> Task item: Exact copies of the lines below are the goal; any images in them are dropped.

===== Data for the task =====

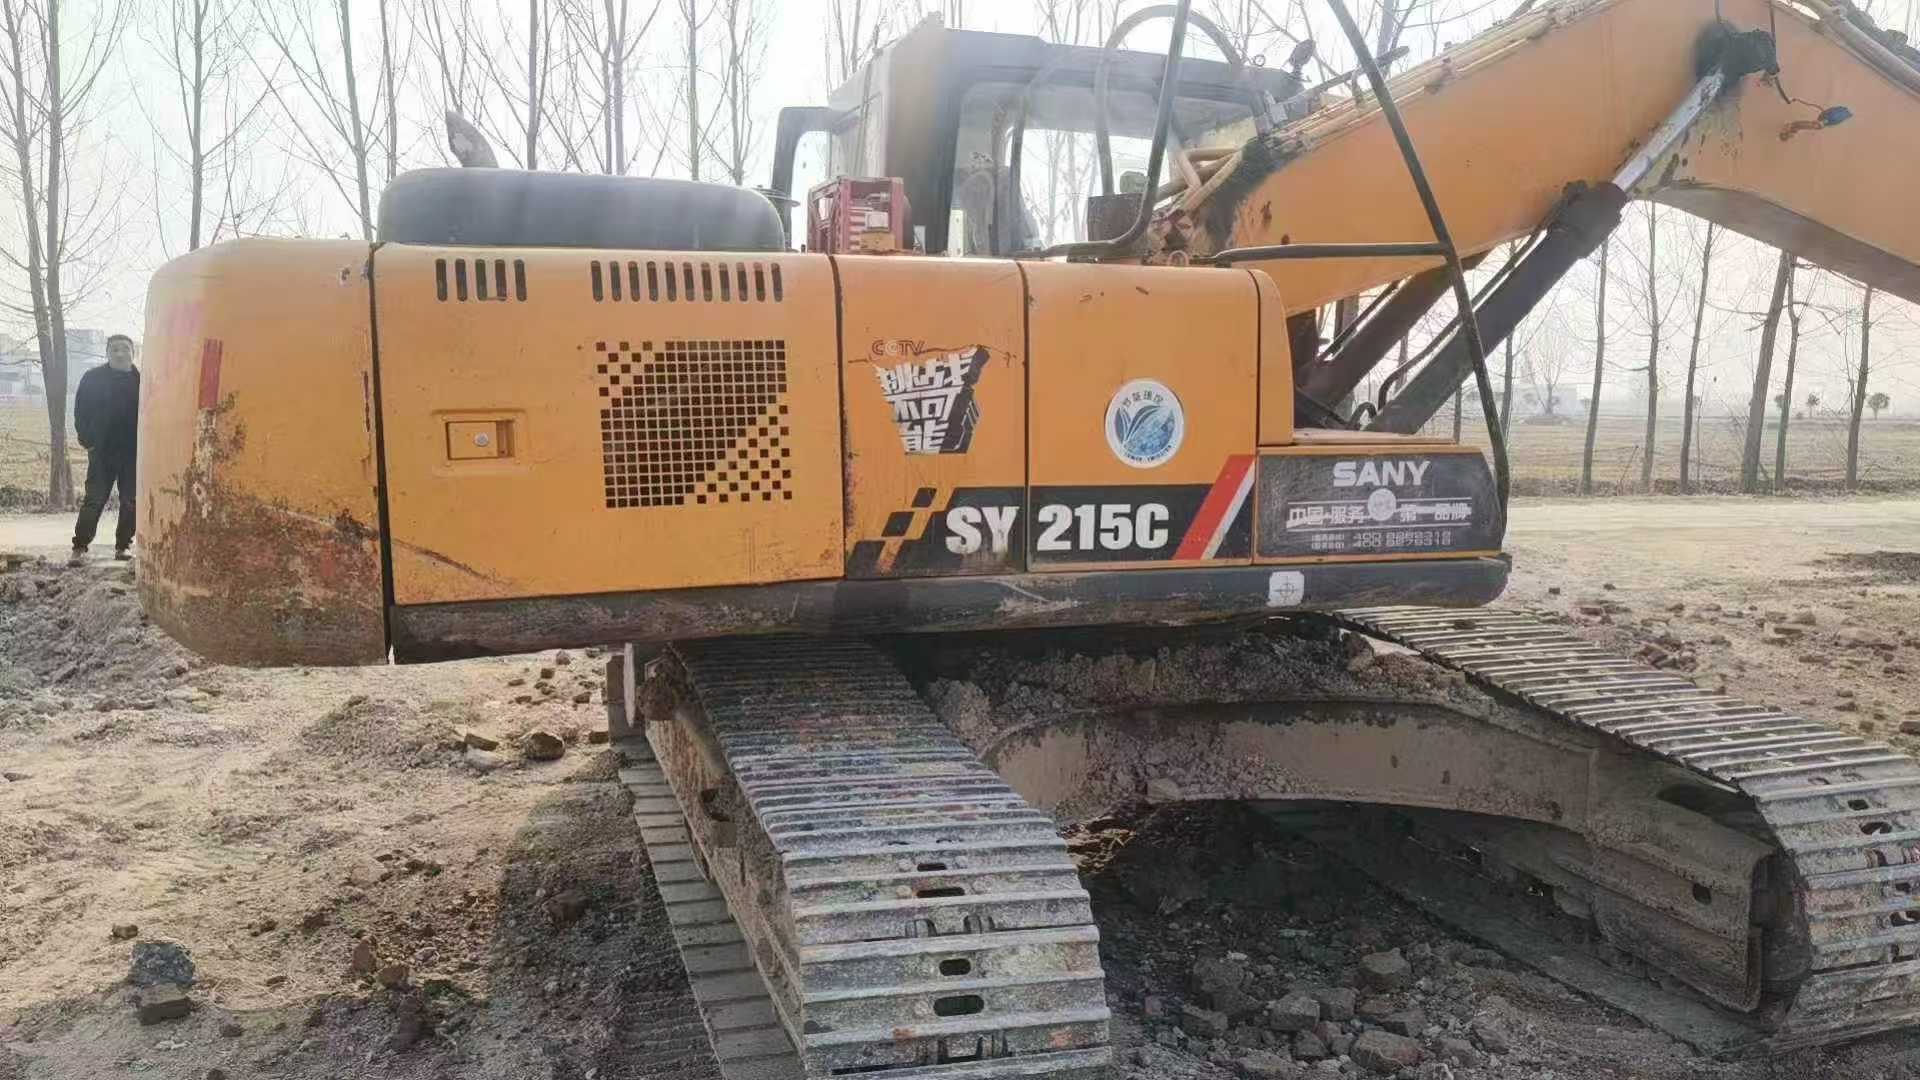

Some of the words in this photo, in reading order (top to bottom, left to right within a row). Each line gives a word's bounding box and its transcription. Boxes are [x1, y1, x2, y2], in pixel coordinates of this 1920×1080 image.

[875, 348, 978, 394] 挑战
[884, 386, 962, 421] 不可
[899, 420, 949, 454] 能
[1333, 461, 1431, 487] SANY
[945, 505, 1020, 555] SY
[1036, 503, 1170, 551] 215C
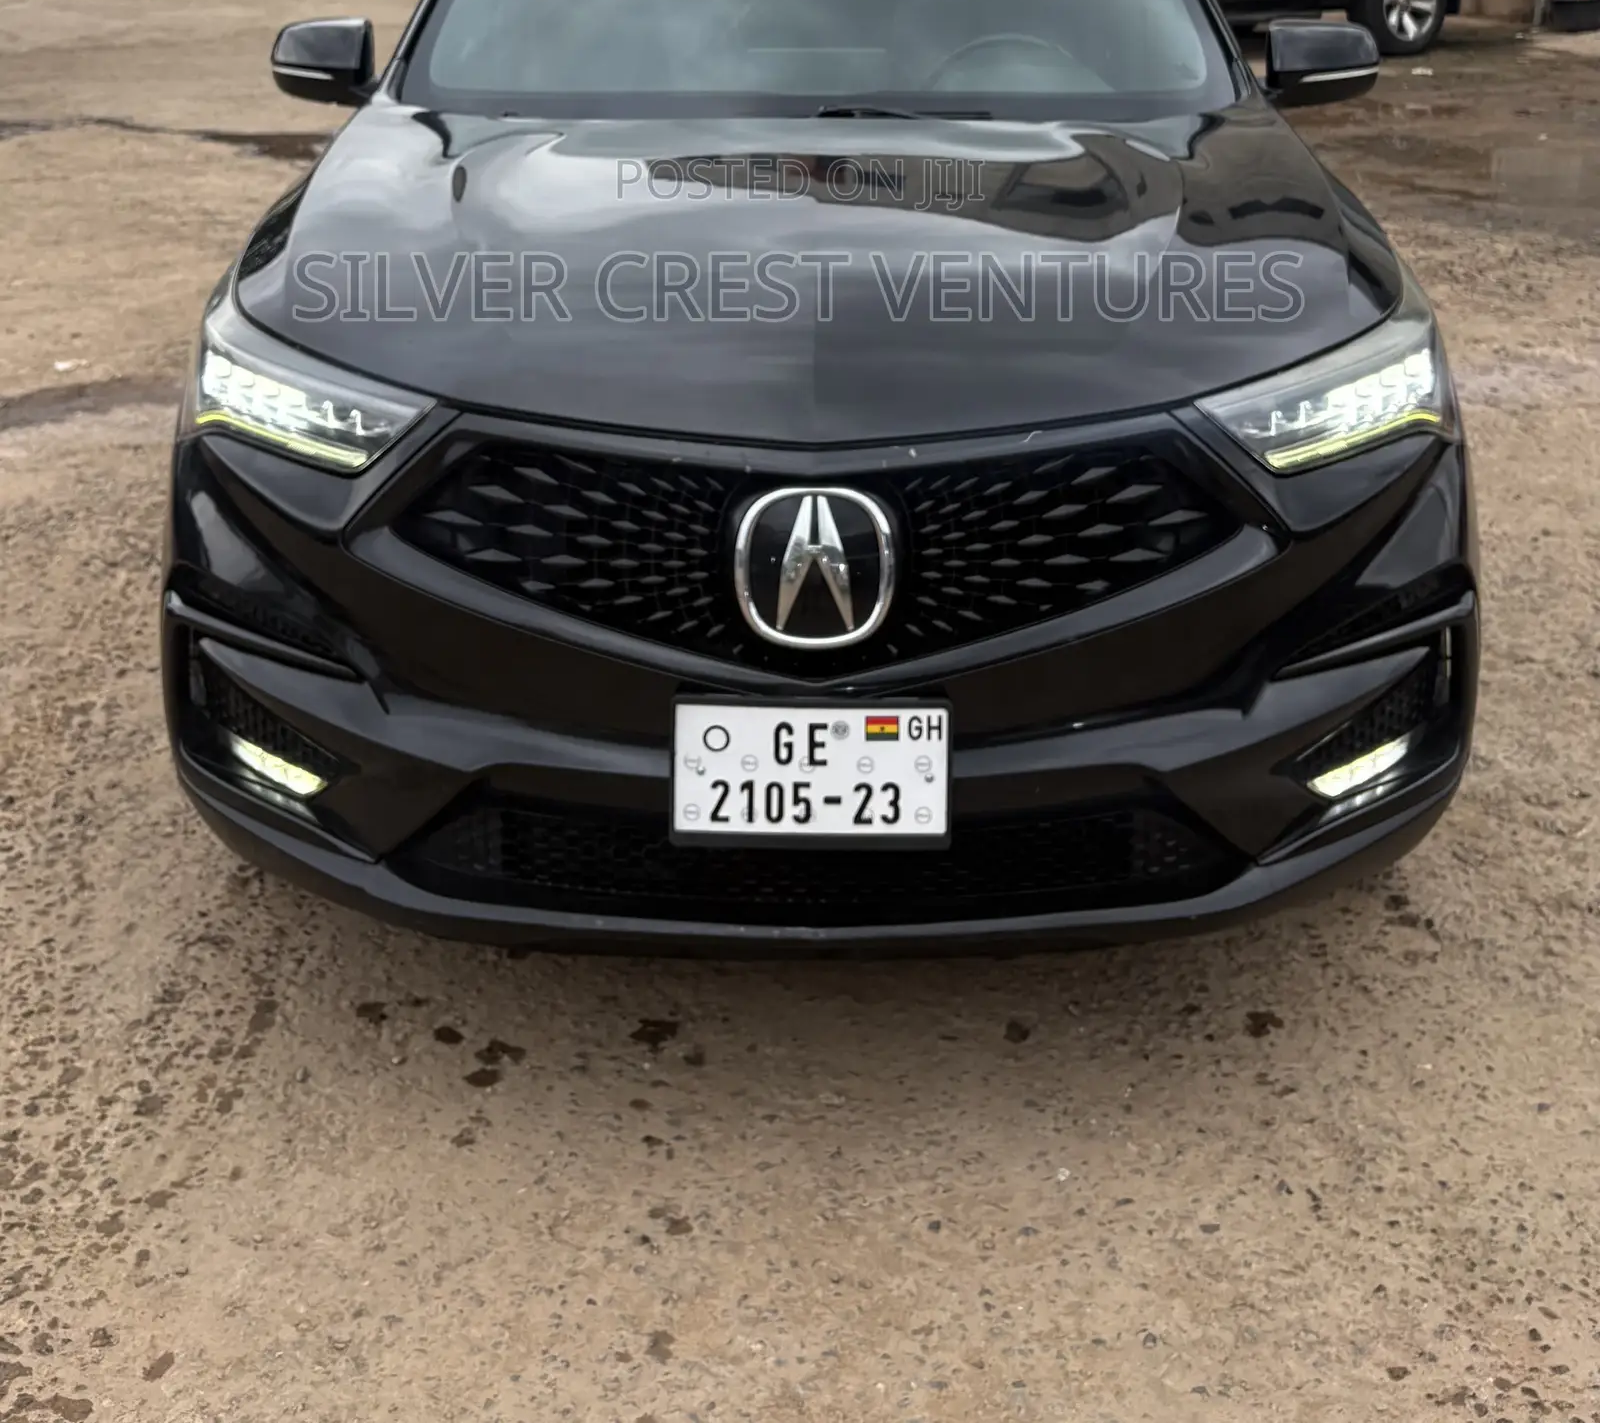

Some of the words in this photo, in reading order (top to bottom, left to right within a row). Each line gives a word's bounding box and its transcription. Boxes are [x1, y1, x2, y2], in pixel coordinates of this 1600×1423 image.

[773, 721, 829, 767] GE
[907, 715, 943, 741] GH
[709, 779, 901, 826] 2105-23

=====

> Solution to this exercise:
Some of the words in this photo, in reading order (top to bottom, left to right within a row). Each line gives a word's bounding box and its transcription. Boxes are [x1, y1, x2, y2], in pixel coordinates of this 1920×1080 image.

[875, 348, 978, 394] 挑战
[884, 386, 962, 421] 不可
[899, 420, 949, 454] 能
[1333, 461, 1431, 487] SANY
[945, 505, 1020, 555] SY
[1036, 503, 1170, 551] 215C

Some of the words in this photo, in reading order (top to bottom, left to right within a row). Each line gives a word's bounding box and its transcription. Boxes are [x1, y1, x2, y2], in pixel coordinates of this 1600×1423 image.

[773, 721, 829, 767] GE
[907, 715, 943, 741] GH
[709, 779, 901, 826] 2105-23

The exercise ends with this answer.